The degree of digestion strongly influences the immunomodulatory activity, with more extensively digested peptides generally exhibiting stronger anti-inflammatory effects on immune cells. These peptides can suppress the NF-κB pathway through PPARγ-dependent mechanisms, reduce pro-inflammatory cytokines such as IL-6 and IL-1β, and modulate Toll-like receptor expression following inflammatory stimuli. In this way, NF-κB activation is attenuated, leading to a more controlled inflammatory response and promoting an immunoregulatory phenotype. For example, TLR2 expression decreases upon exposure to whey peptides regardless of the animal of origin, whereas TLR4 downregulation appears more pronounced with cheese-derived peptides. Both bovine and ovine whey proteins have been reported to reduce activation of inflammatory cascades [57,87].

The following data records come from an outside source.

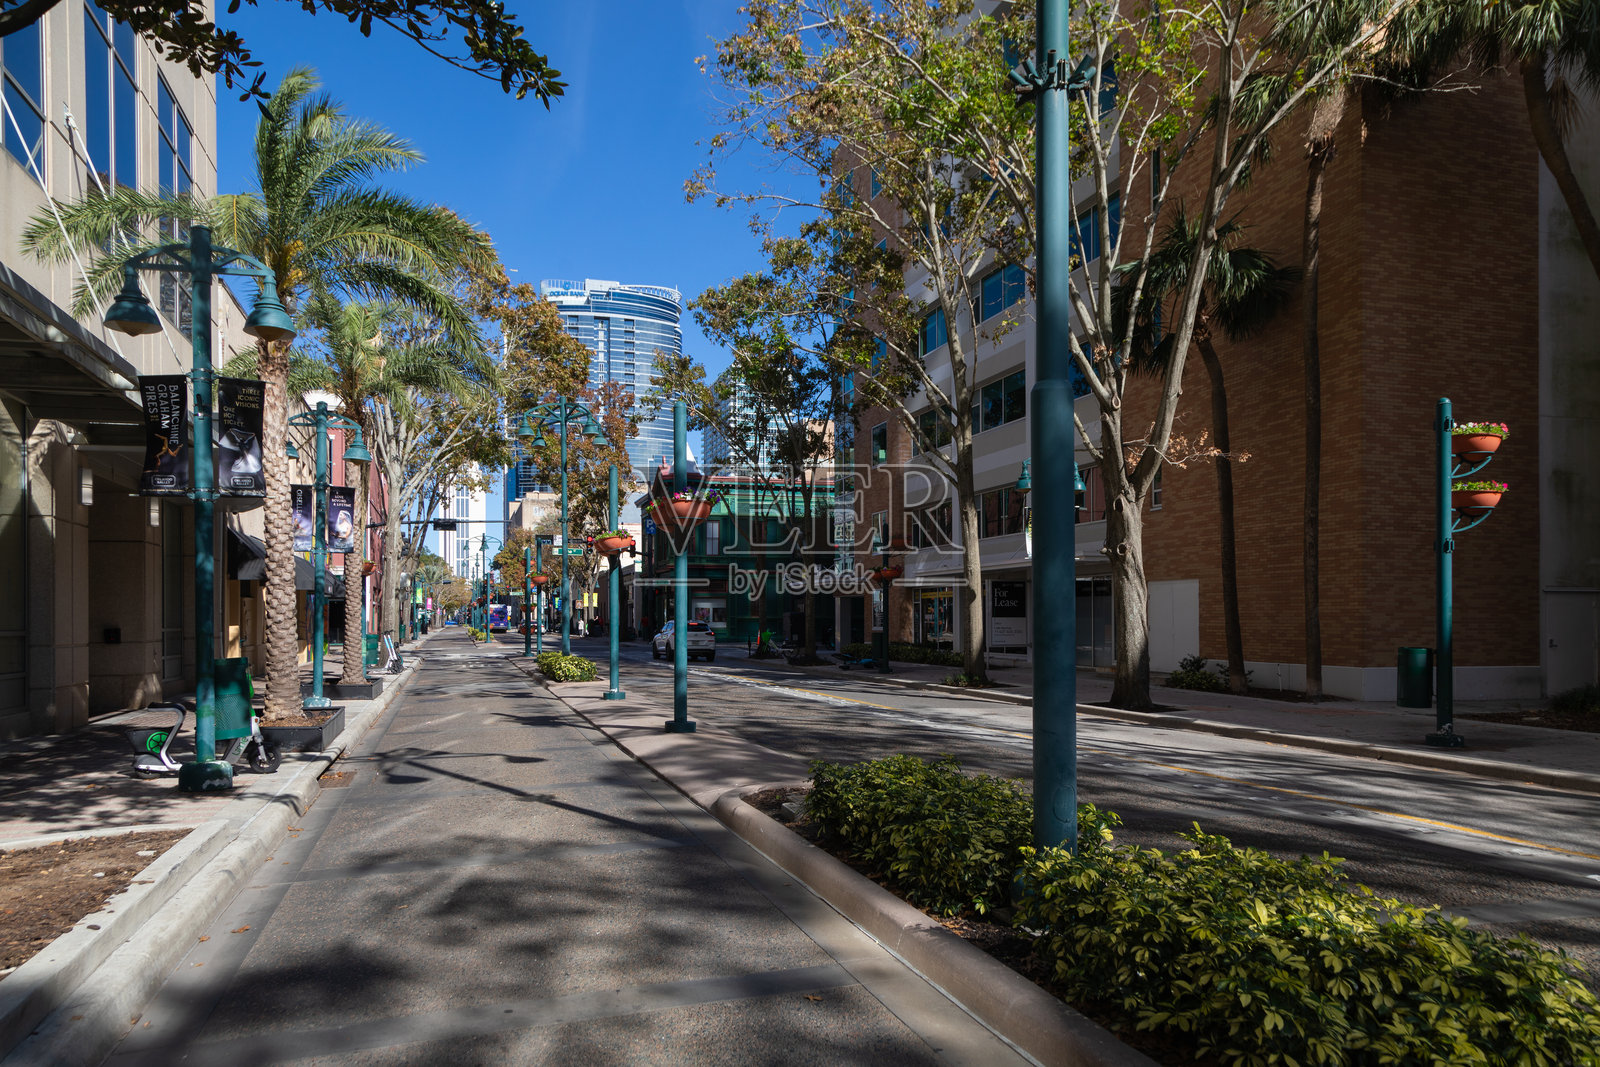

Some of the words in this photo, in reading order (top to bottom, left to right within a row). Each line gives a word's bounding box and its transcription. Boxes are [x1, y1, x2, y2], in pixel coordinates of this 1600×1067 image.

[242, 388, 261, 396] THREE
[144, 385, 159, 415] PIRES
[237, 394, 260, 402] ICONIC
[157, 383, 171, 429] GRAHAM
[169, 385, 180, 444] BALANCHINE
[223, 412, 236, 420] HOT
[646, 518, 654, 528] P
[994, 588, 1009, 598] For
[994, 597, 1018, 607] Lease

Whey-derived peptides also influence immune cell recruitment and chronic inflammation. CXCL8 transcription increases in response to these peptides when immune cells are stimulated by inflammatory factors, facilitating neutrophil recruitment during the acute phase of inflammation. At the same time, IL-10 expression is elevated in LPS-activated THP-1 macrophages exposed to mixed-origin whey peptides, providing anti-inflammatory regulation that may be particularly beneficial in chronic intestinal inflammation. In addition, ICAM1 mRNA expression is reduced, especially with bovine or mixed-origin peptides, which limits leukocyte adhesion and vascular inflammation and may contribute to protection against atherosclerotic lesion formation [57,88,89,90,91].

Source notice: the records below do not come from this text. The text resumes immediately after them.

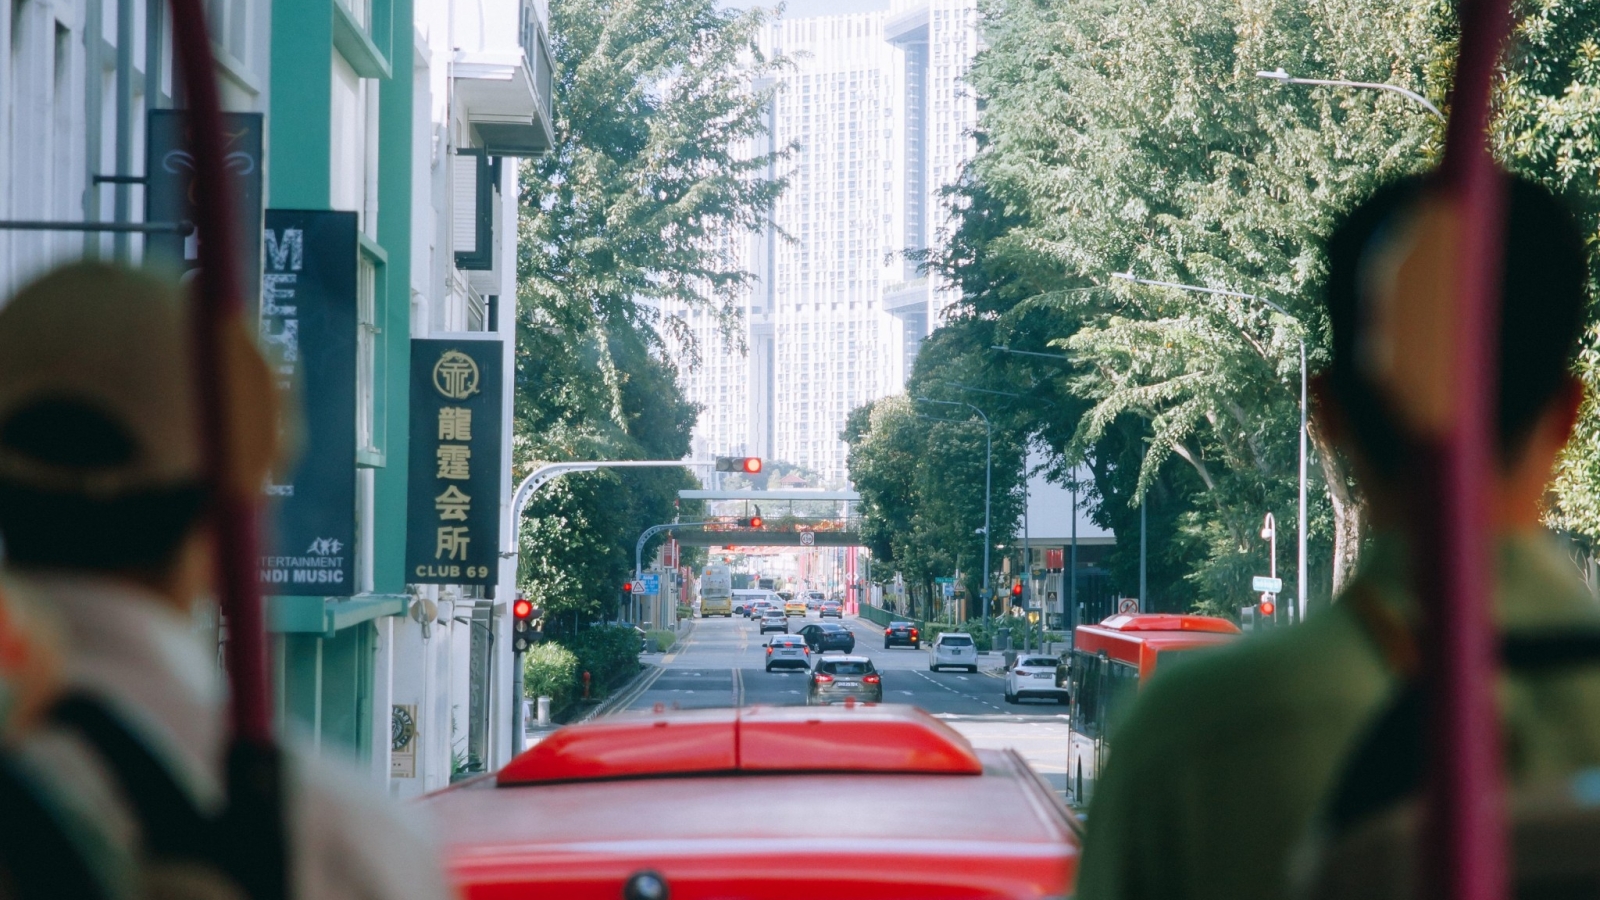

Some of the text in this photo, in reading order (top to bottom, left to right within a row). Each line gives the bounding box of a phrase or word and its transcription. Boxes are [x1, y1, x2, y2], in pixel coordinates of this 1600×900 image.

[436, 406, 472, 560] 龍霆会所
[293, 569, 344, 582] MUSIC
[415, 565, 488, 578] CLUB 69
[392, 706, 412, 724] EART
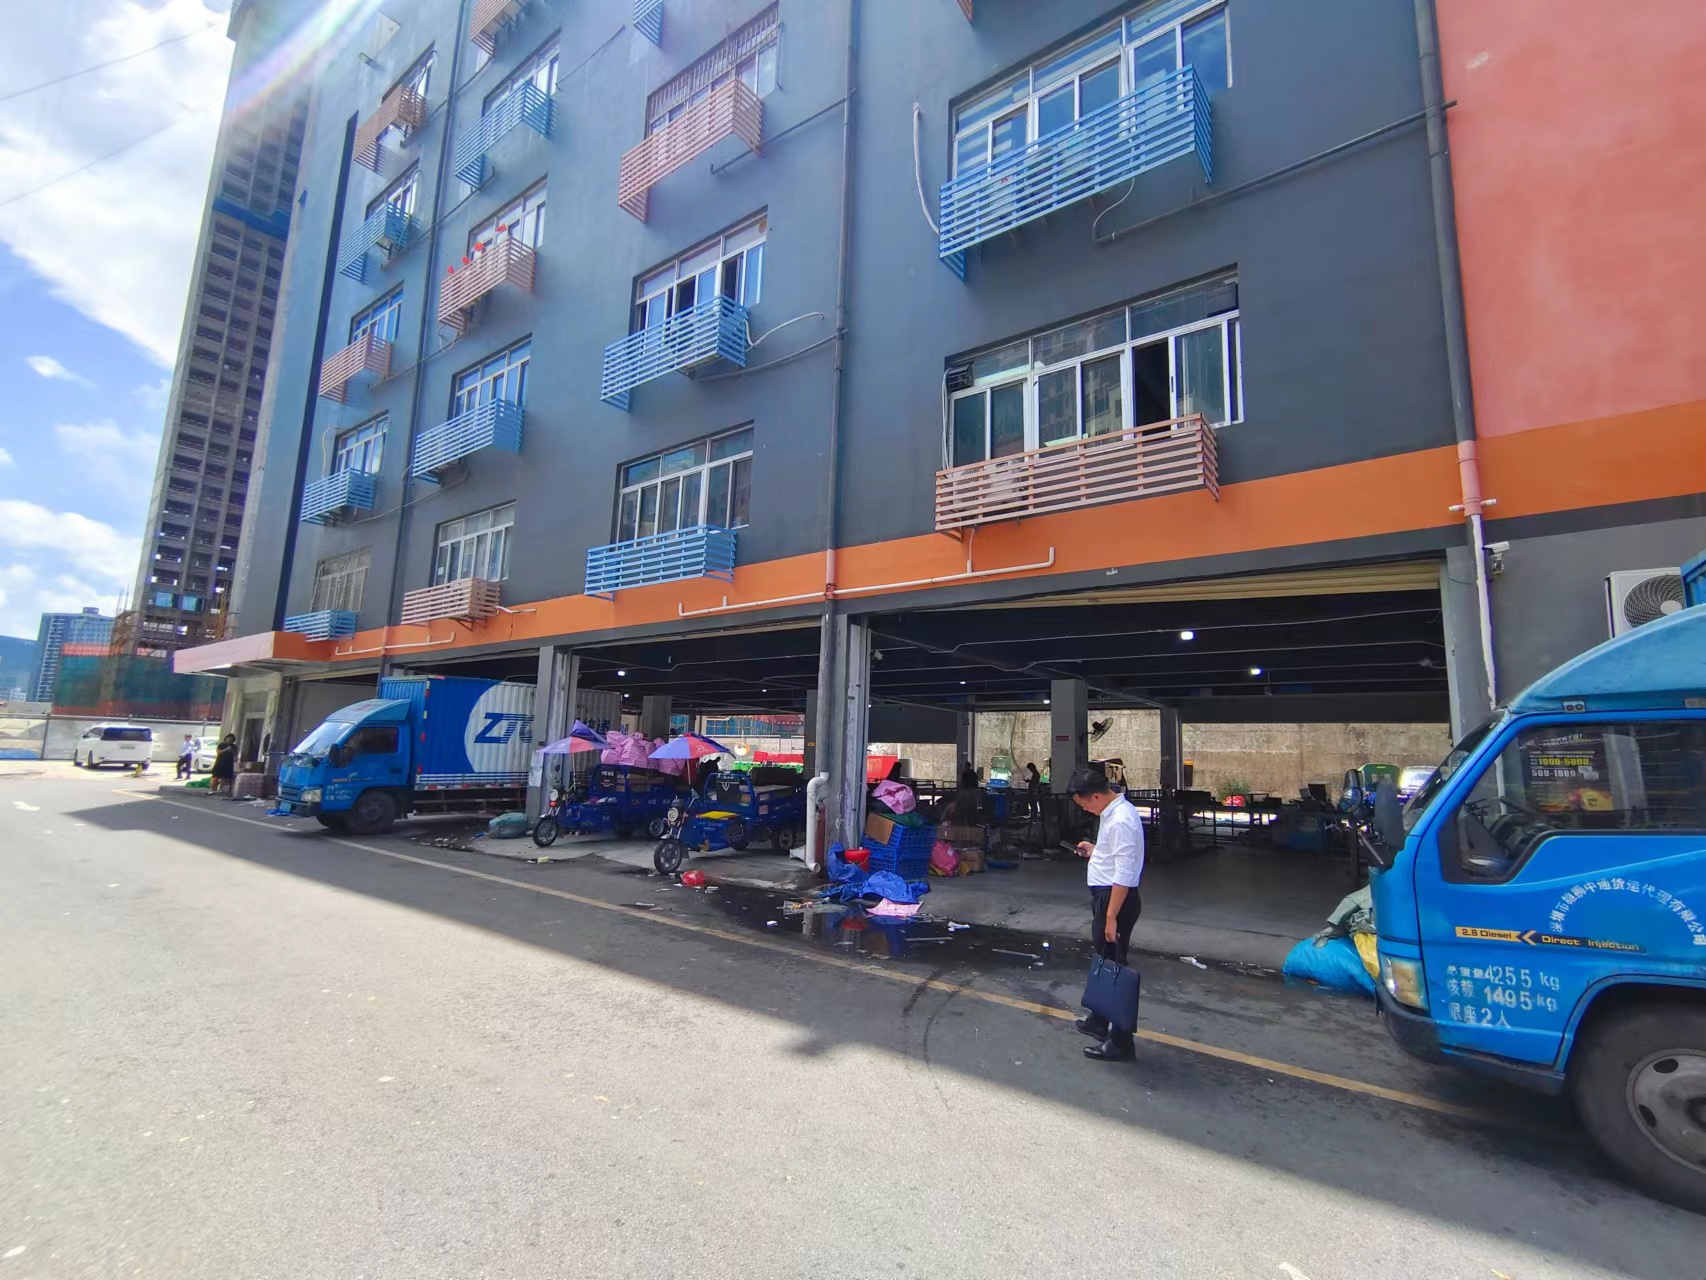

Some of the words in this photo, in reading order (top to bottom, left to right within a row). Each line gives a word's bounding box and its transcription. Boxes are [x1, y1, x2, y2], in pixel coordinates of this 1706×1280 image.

Importantly, the immunomodulatory efficacy of whey peptides depends on peptide source, degree of hydrolysis, concentration, and immune context. TNF expression and macrophage gene profiles can be differentially affected depending on peptide digestion, and high concentrations of fully digested peptides may sometimes produce inverse effects on inflammatory responses [57,87,92]. Overall, these findings indicate that whey-derived peptides can modulate inflammation and immune function, but the response is highly context-dependent, underscoring the need for further studies to clarify these interactions.

7. Portuguese Perspective: Research, Industry, and Opportunities

In Portugal, whey valorisation has historically been closely linked to traditional dairy practices, particularly through the production of whey-derived cheeses such as Requeijão, as previously mentioned in Section 2. This product is traditionally manufactured from ovine, caprine, bovine, or buffalo cheese whey and represents one of the most established routes for whey utilisation within the national dairy sector [42]. Despite its cultural and gastronomic relevance, the conventional yield of Requeijão remains relatively low, typically around 6% of the initial whey volume [42], which limits its effectiveness as a large-scale valorisation strategy for the total whey generated by the industry. In addition, traditional whey valorisation through Requeijão production is constrained by high energy consumption and short shelf life, further limiting its economic and environmental sustainability as a large-scale valorisation pathway. An overview of the Portuguese dairy landscape, including major whey-producing regions, research activity, and valorisation pathways, is presented in Figure 3.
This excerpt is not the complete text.